> _WHAT NEEDS TO BE DONE_
Restate the records word for word. Include no pictures.

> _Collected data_
━━━━━━━━━━━━━━━━━━━━━━━━━━━━━━
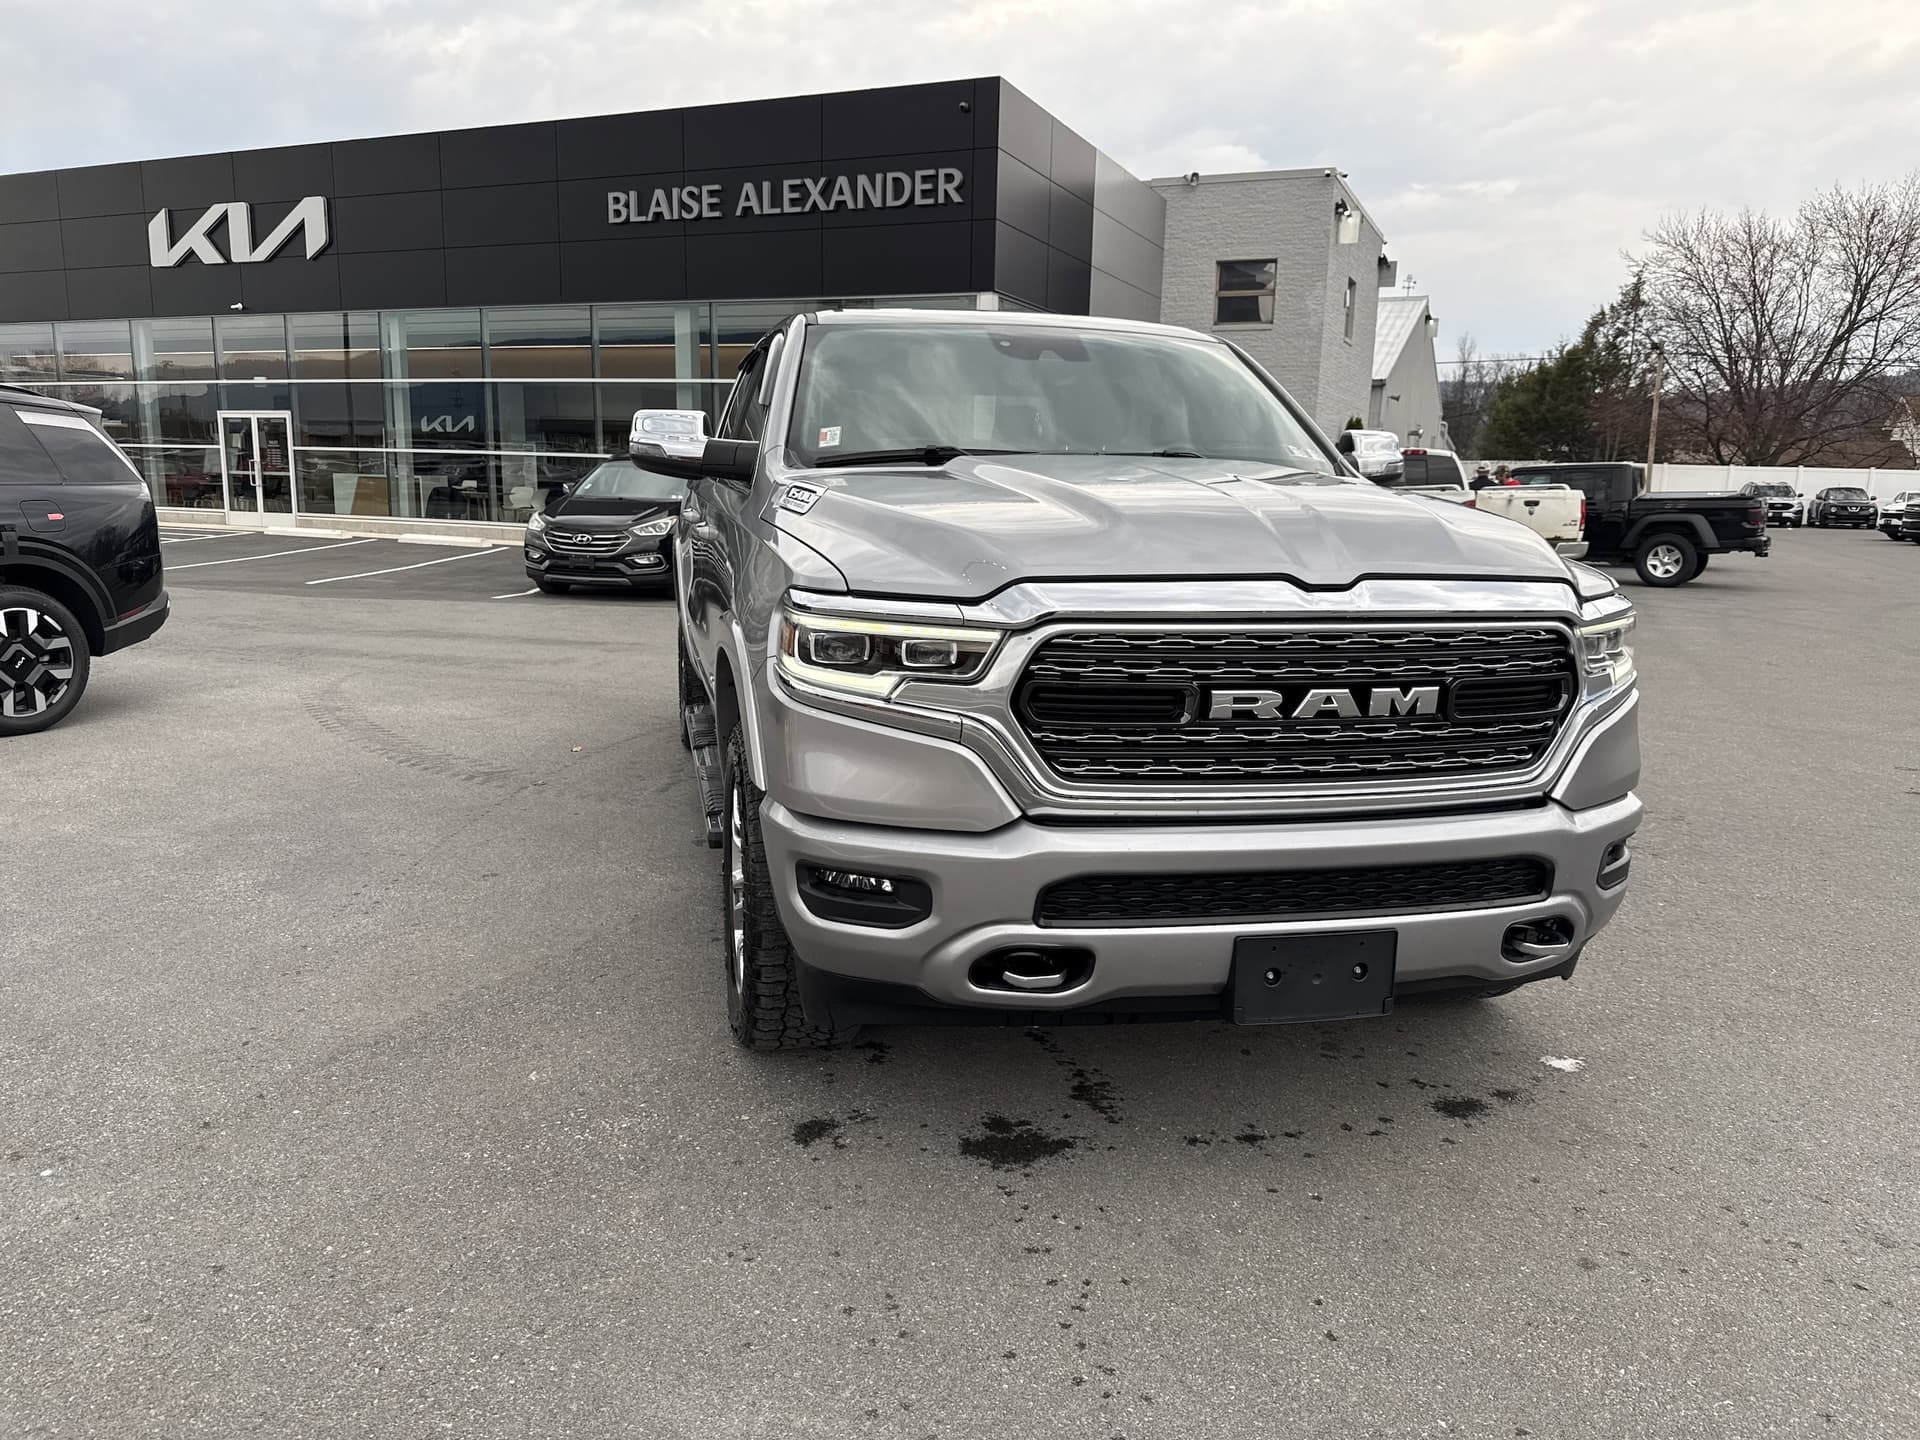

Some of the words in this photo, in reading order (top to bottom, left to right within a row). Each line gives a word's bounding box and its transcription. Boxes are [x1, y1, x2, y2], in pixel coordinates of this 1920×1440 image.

[607, 184, 723, 225] BLAISE
[735, 167, 965, 217] ALEXANDER
[148, 195, 329, 268] KIA
[420, 415, 475, 433] KIA
[1208, 686, 1440, 720] RAM
━━━━━━━━━━━━━━━━━━━━━━━━━━━━━━
> _YOUR SOLUTION_
Some of the words in this photo, in reading order (top to bottom, left to right within a row). Each line gives a word's bounding box and its transcription. Boxes are [x1, y1, x2, y2], in pixel coordinates of this 1920×1440 image.

[607, 184, 723, 225] BLAISE
[735, 167, 965, 217] ALEXANDER
[148, 195, 329, 268] KIA
[420, 415, 475, 433] KIA
[1208, 686, 1440, 720] RAM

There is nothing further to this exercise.